Sadly, but in common with other countries where anti-Jewish and anti-Israel outrages can also be said to have reached epidemic proportions, the British public has remained pretty much silent in the face of the upsurge. This is perhaps why those politicians, like Badenoch, who want to address the problem, describe it as a “national” crisis, asserting that attacks on Jews are attacks on the very fabric of British society. But the brutal truth is that this message has failed to move the mass of Britons or dislodge the widely held opinion that, as reprehensible as these attacks are, they can ultimately be blamed on Israel’s actions in the Gaza Strip.

There is much that could be done in practical terms.

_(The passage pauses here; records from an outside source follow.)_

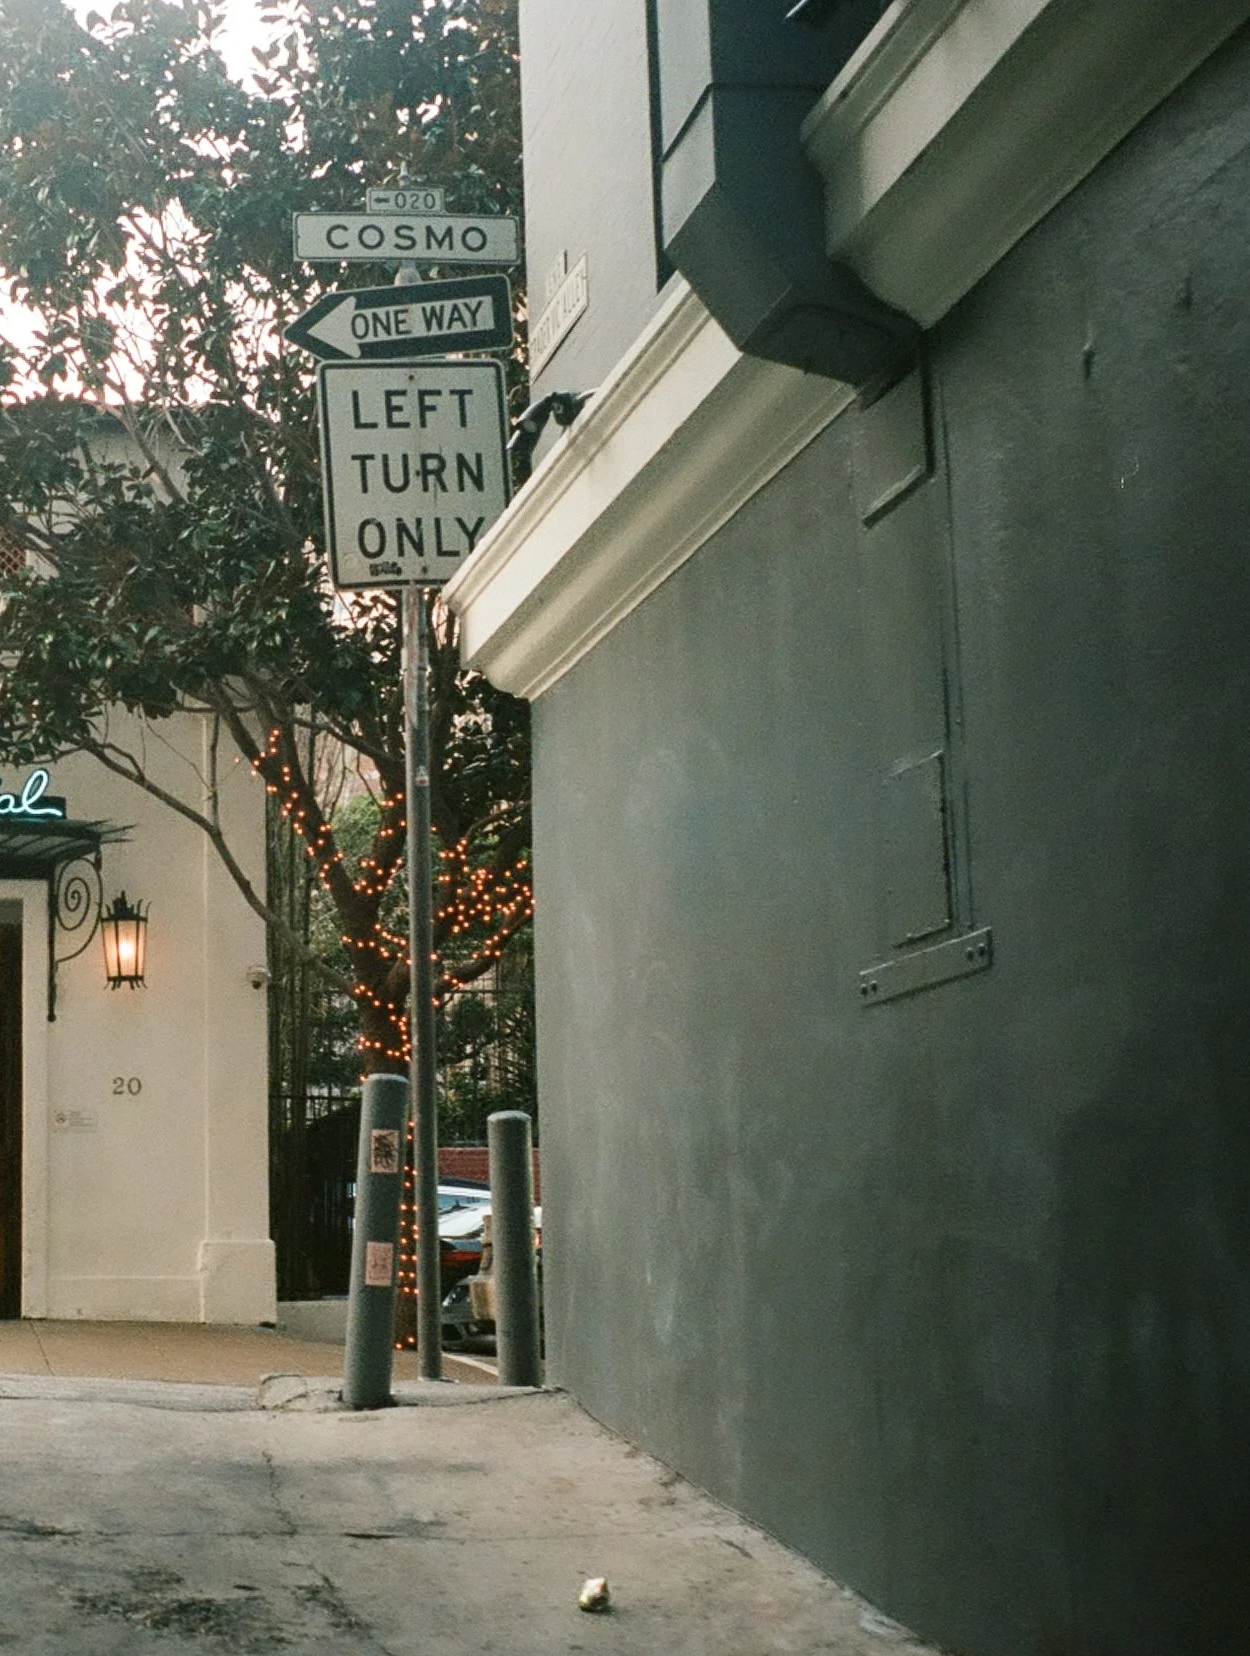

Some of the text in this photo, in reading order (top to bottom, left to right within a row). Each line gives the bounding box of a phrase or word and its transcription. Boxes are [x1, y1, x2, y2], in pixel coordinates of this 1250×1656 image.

[394, 192, 436, 209] 020
[325, 224, 488, 253] COSMO
[351, 299, 483, 340] ONE WAY
[352, 389, 474, 430] LEFT
[351, 453, 486, 494] TURN
[358, 516, 486, 560] ONLY
[112, 1076, 142, 1096] 20

The British government could finally designate the Iranian regime’s Islamic Revolutionary Guard Corps, which has directed terrorist attacks against Jews, Iranian dissidents and critics of the Islamic Republic both in the United Kingdom and across Europe. It could ban the pro-Hamas hate marches that have been staged in towns and cities across the country, where blatantly antisemitic slogans about Jewish wealth and influence nestle comfortably among more established forms of incitement, such as the call to “globalize the intifada.” It could expand hate-crime laws to encompass the antisemitic agitation that camouflages itself in an “anti-Zionism” supposedly rooted in human-rights concerns. It could impose harsh custodial sentences on offenders, instead of essentially letting them off with fines or with suspended jail terms.

Again, though, such a program of action is not a vote-winner. Indeed, as the country heads to local elections in May with the ruling Labour Party likely to be subjected to an unprecedented thumping, Starmer and his ministers may calculate that prioritizing a response to antisemitism will make them even less electable.

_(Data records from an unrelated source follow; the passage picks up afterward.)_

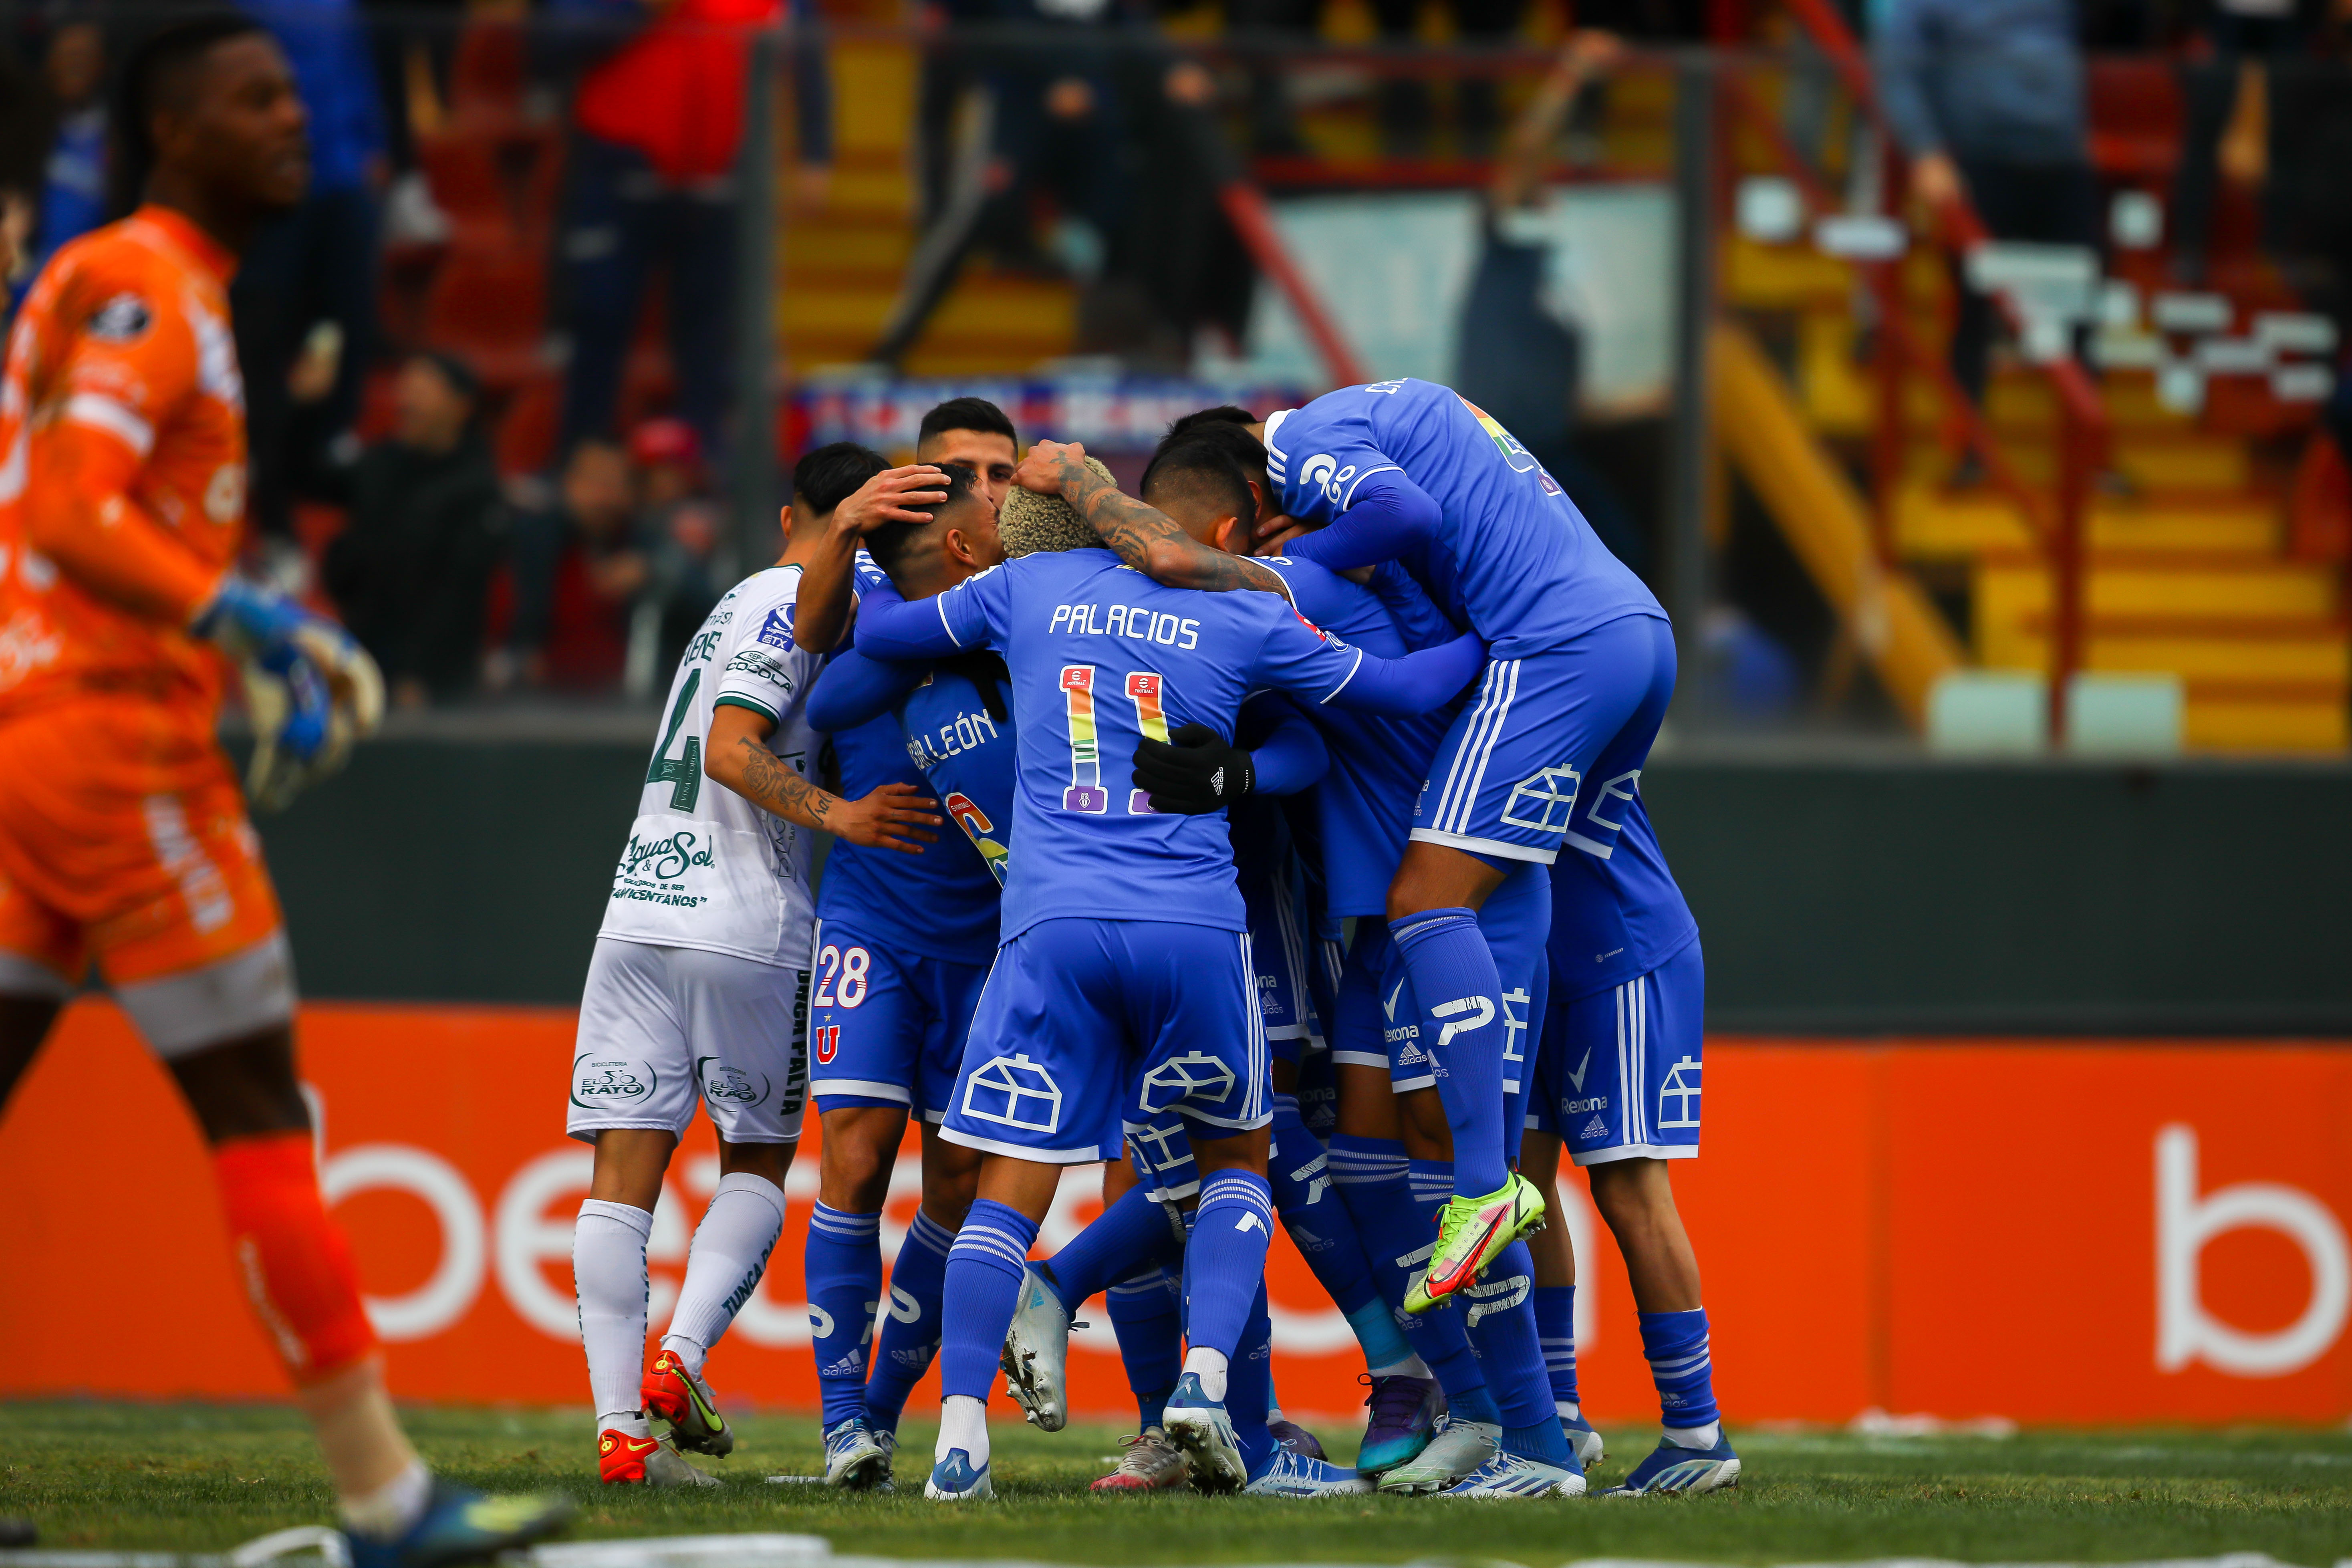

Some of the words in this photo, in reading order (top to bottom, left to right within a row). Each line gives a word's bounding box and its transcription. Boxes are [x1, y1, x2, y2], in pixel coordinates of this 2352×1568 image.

[766, 626, 793, 639] Segunda
[1049, 604, 1201, 650] PALACIOS
[726, 661, 792, 694] COCOLA
[748, 652, 783, 670] REPUESTOS
[646, 668, 701, 814] 4
[924, 708, 998, 760] LEÓN
[656, 832, 714, 880] Sol
[814, 944, 871, 1009] 28
[816, 1025, 840, 1065] U
[1398, 1054, 1427, 1066] adidas
[580, 1084, 644, 1096] RAYO
[780, 1042, 807, 1116] PALTA
[1562, 1096, 1607, 1115] Rexona
[1580, 1128, 1608, 1139] adidas
[721, 1262, 763, 1318] TUNCA
[822, 1364, 865, 1376] adidas

Worst of all, we may not have reached the peak of attacks at this point. Gaza has been relatively quiet since the ceasefire was announced last October, but the portents emanating from there are not good. Hamas is refusing to disarm and is strengthening its grip on power. There is every possibility that, should the stalemate continue, the Israel Defense Forces will again be mobilized to try to finish the job it started.

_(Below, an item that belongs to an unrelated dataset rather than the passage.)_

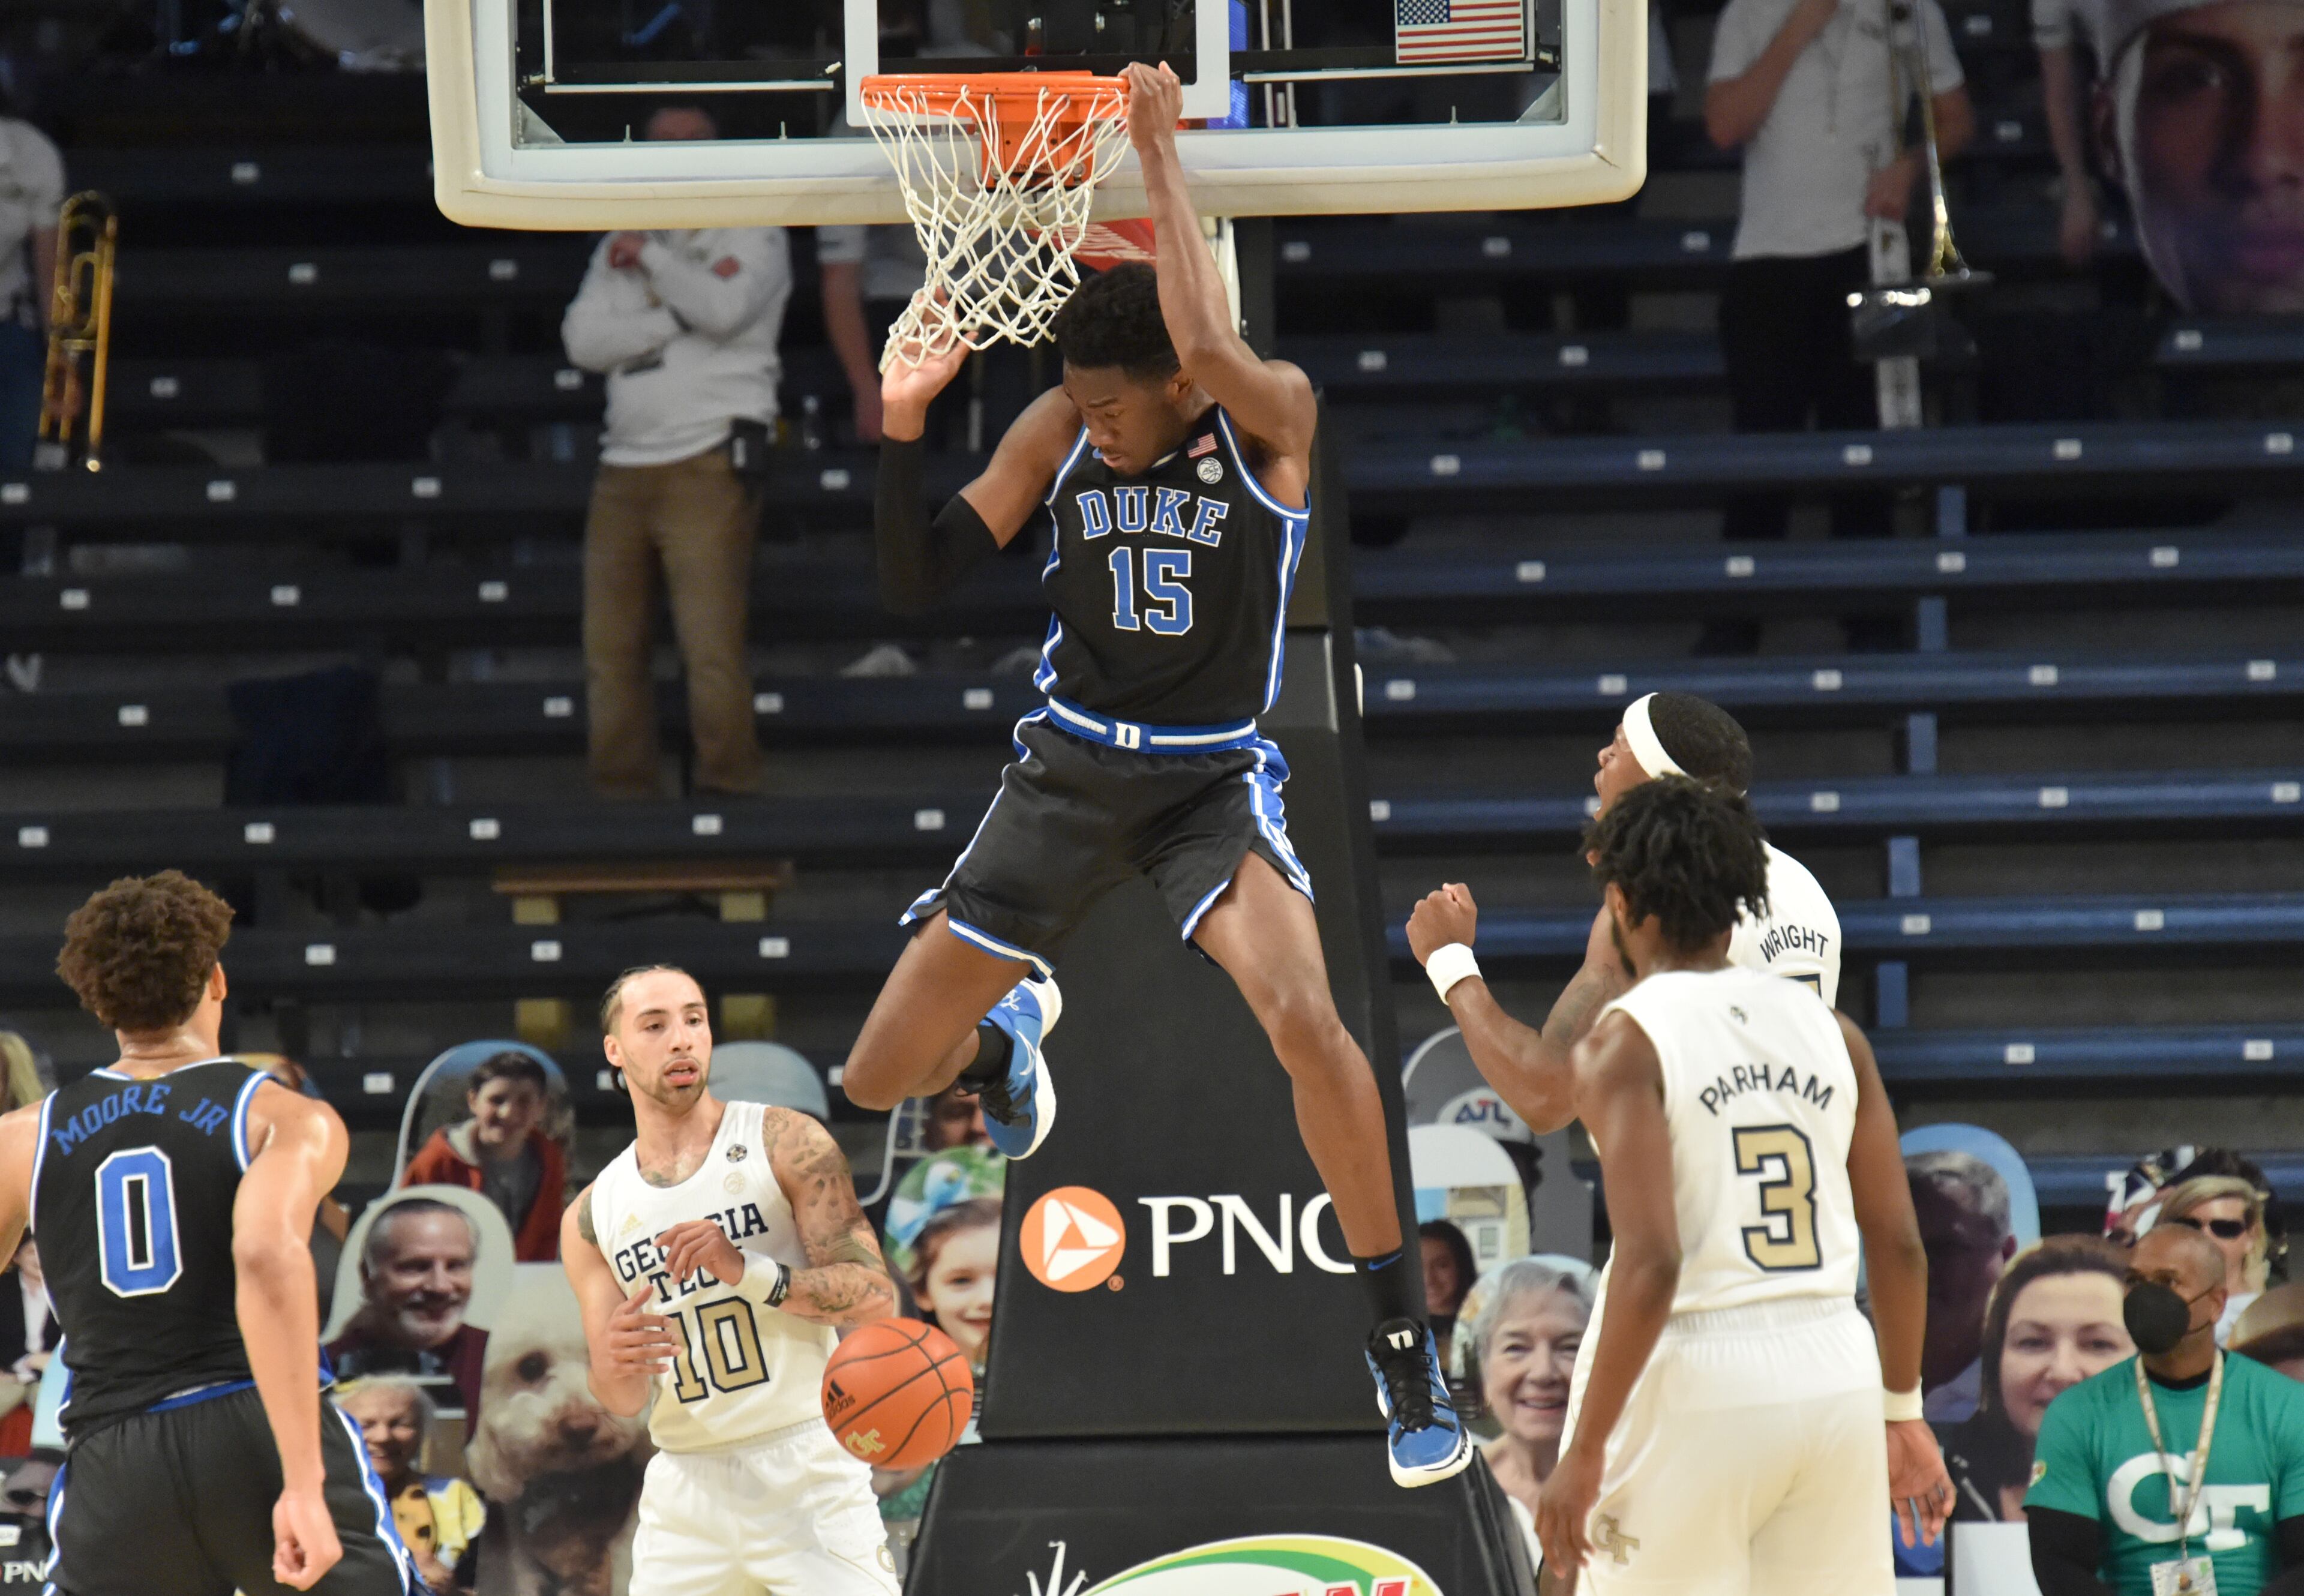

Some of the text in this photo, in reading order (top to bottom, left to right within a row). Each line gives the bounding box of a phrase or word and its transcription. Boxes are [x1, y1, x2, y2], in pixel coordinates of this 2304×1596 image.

If that is the outcome, then we can expect a swift return to multiple demonstrations in support of Hamas every week, more petty acts of vandalism and renewed energy behind antisemitic messaging on social media. In such a climate, more of our fellow citizens—whether in the United Kingdom or other countries—will be willing to engage in violent assaults and even terrorist acts.

The outlook is grim, and it is hard to see from where any relief might spring. The lifeline that Israel represented in the wake of the Shoah may turn out to be the most practical solution of all. In the last year, about 900 British Jews decided that they’d had enough and moved to Israel. If the Hamas cult is given a new lease of life, many more are likely to follow in its wake.

Will the Jewish Diaspora continue to be gradually yet steadily drained, through aliyah to Israel, Jews hiding their identities or some other pathway? Will politicians wave them goodbye with hypocritical tears in their eyes, bemoaning the loss of an affluent, loyal minority before moving on to more pressing issues? Twenty years ago, as the scourge again began to rise in the wake of the 9/11 terrorist attacks, such scenarios were regarded as outliers by many Jews, among them myself.

Now, with all credit to Hamas, they are on the cusp of becoming reality.